### What the task requires
Retype the data below exactly; skip every image.

---- Material to process

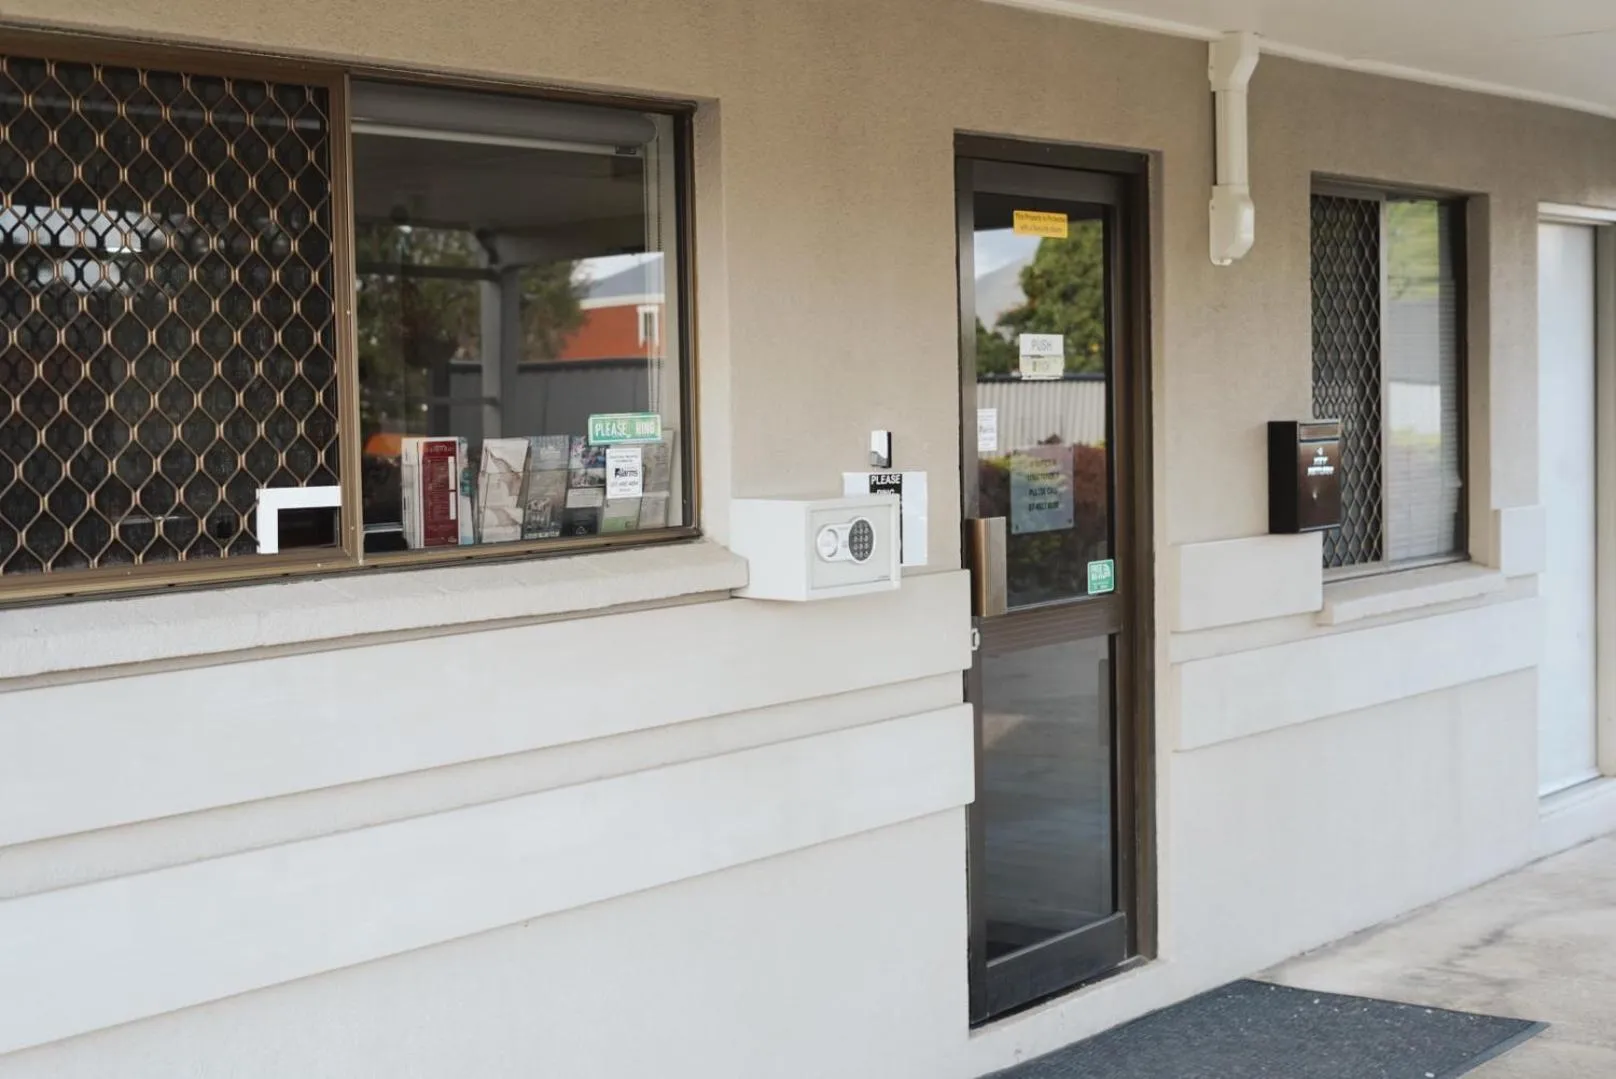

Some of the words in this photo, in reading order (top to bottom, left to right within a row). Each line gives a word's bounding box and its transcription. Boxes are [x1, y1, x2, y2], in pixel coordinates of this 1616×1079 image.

[1030, 338, 1052, 352] PUSH
[595, 421, 628, 438] PLEASE
[636, 421, 655, 434] RING
[871, 475, 900, 485] PLEASE
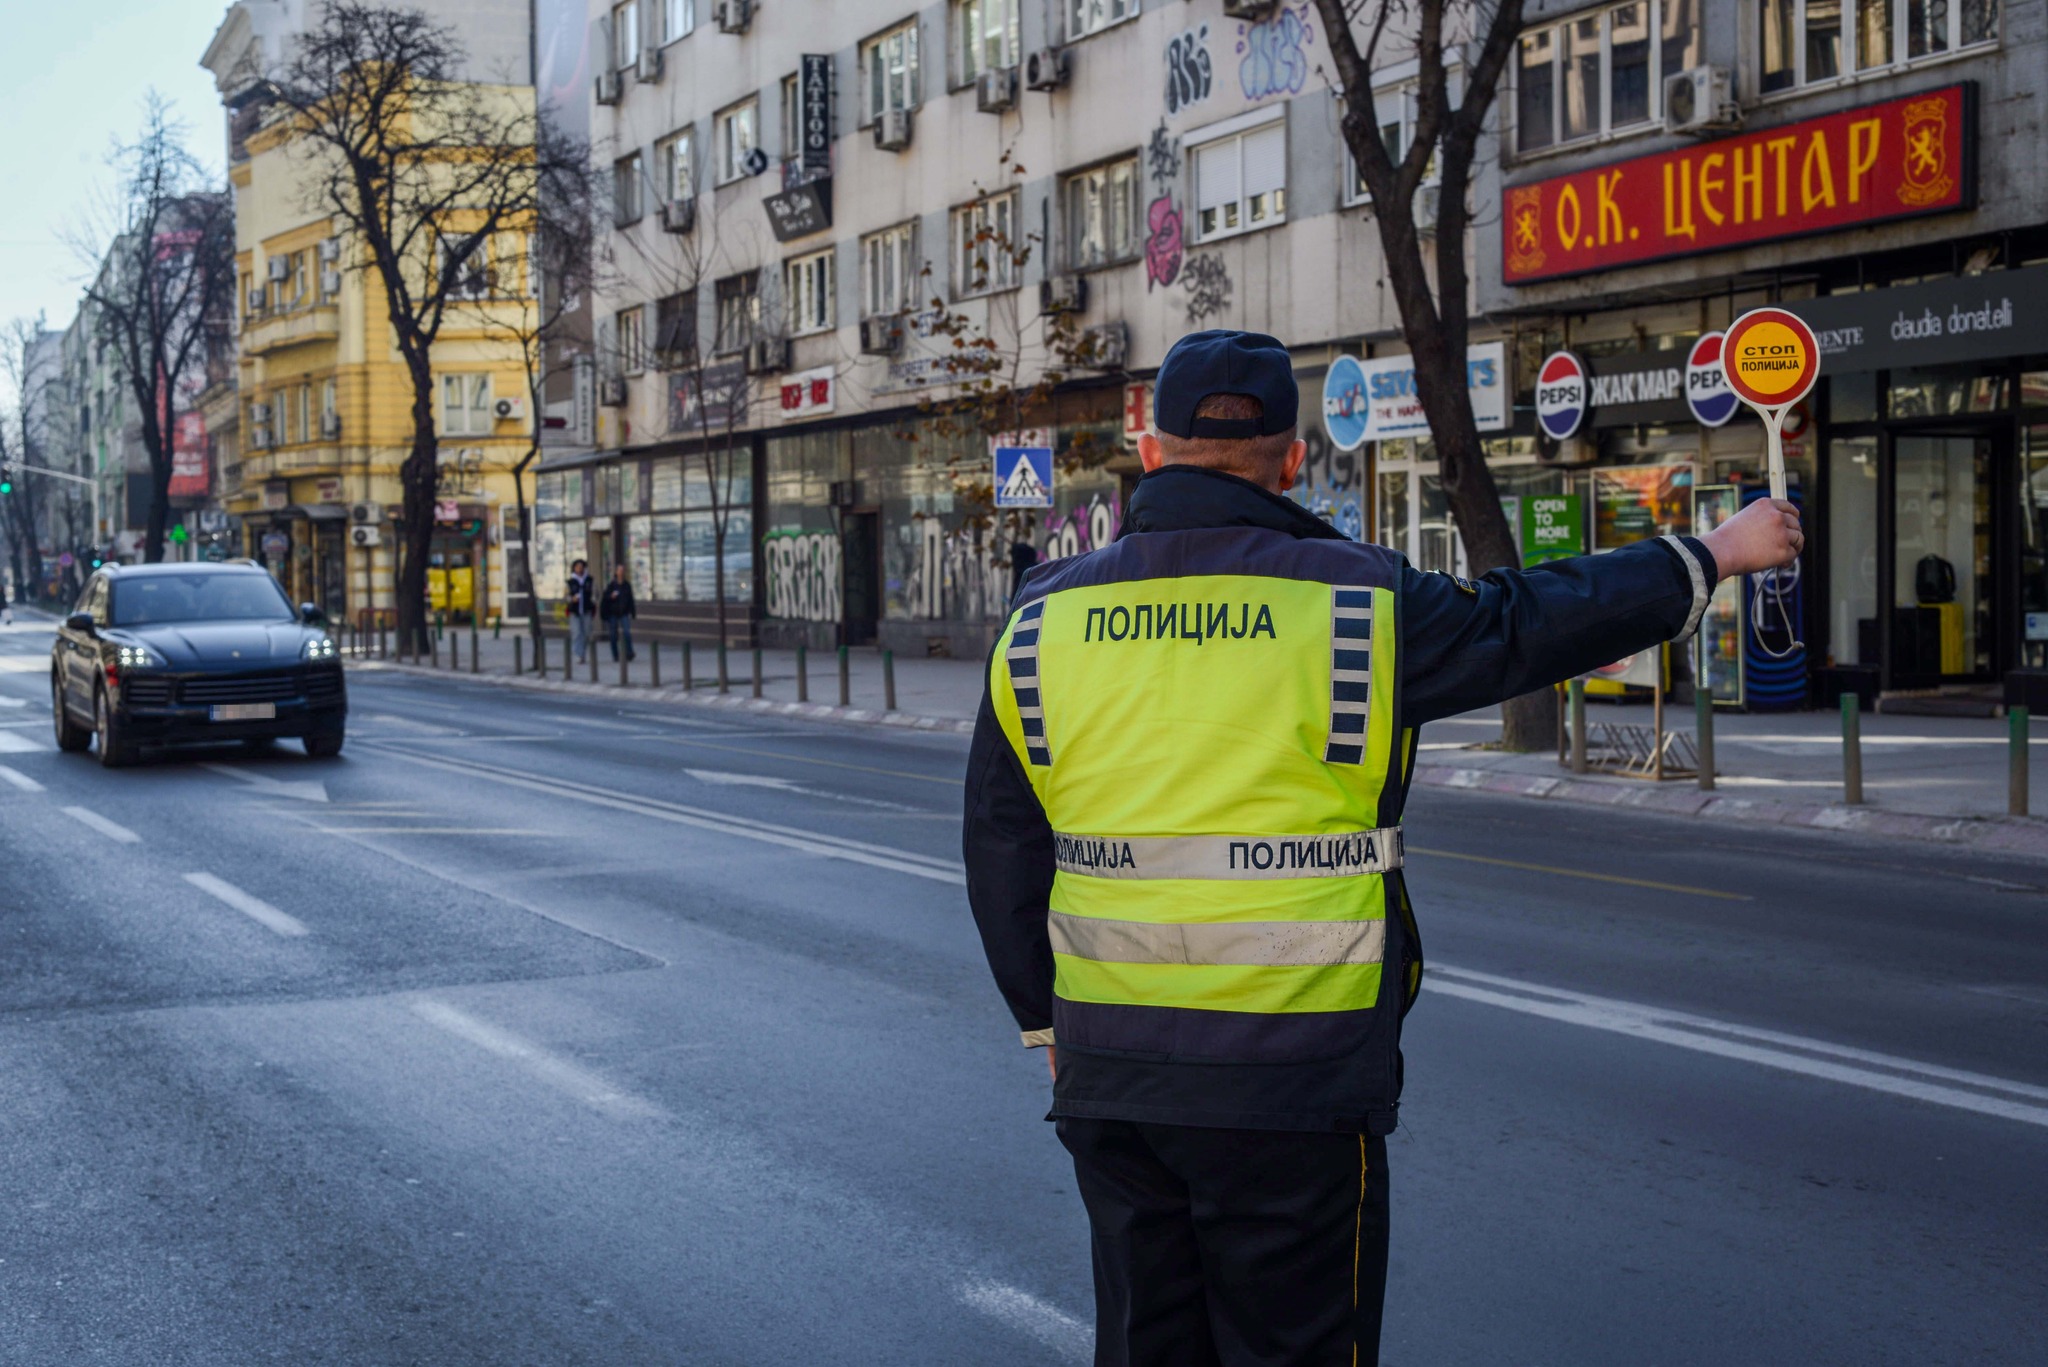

--------

### Exercise result
Some of the words in this photo, in reading order (top to bottom, left to right within a row). Each line gives a word's bounding box and its transcription. Boxes are [x1, y1, x2, y2], in pixel coordinates of this 1616×1079 image.

[1030, 338, 1052, 352] PUSH
[595, 421, 628, 438] PLEASE
[636, 421, 655, 434] RING
[871, 475, 900, 485] PLEASE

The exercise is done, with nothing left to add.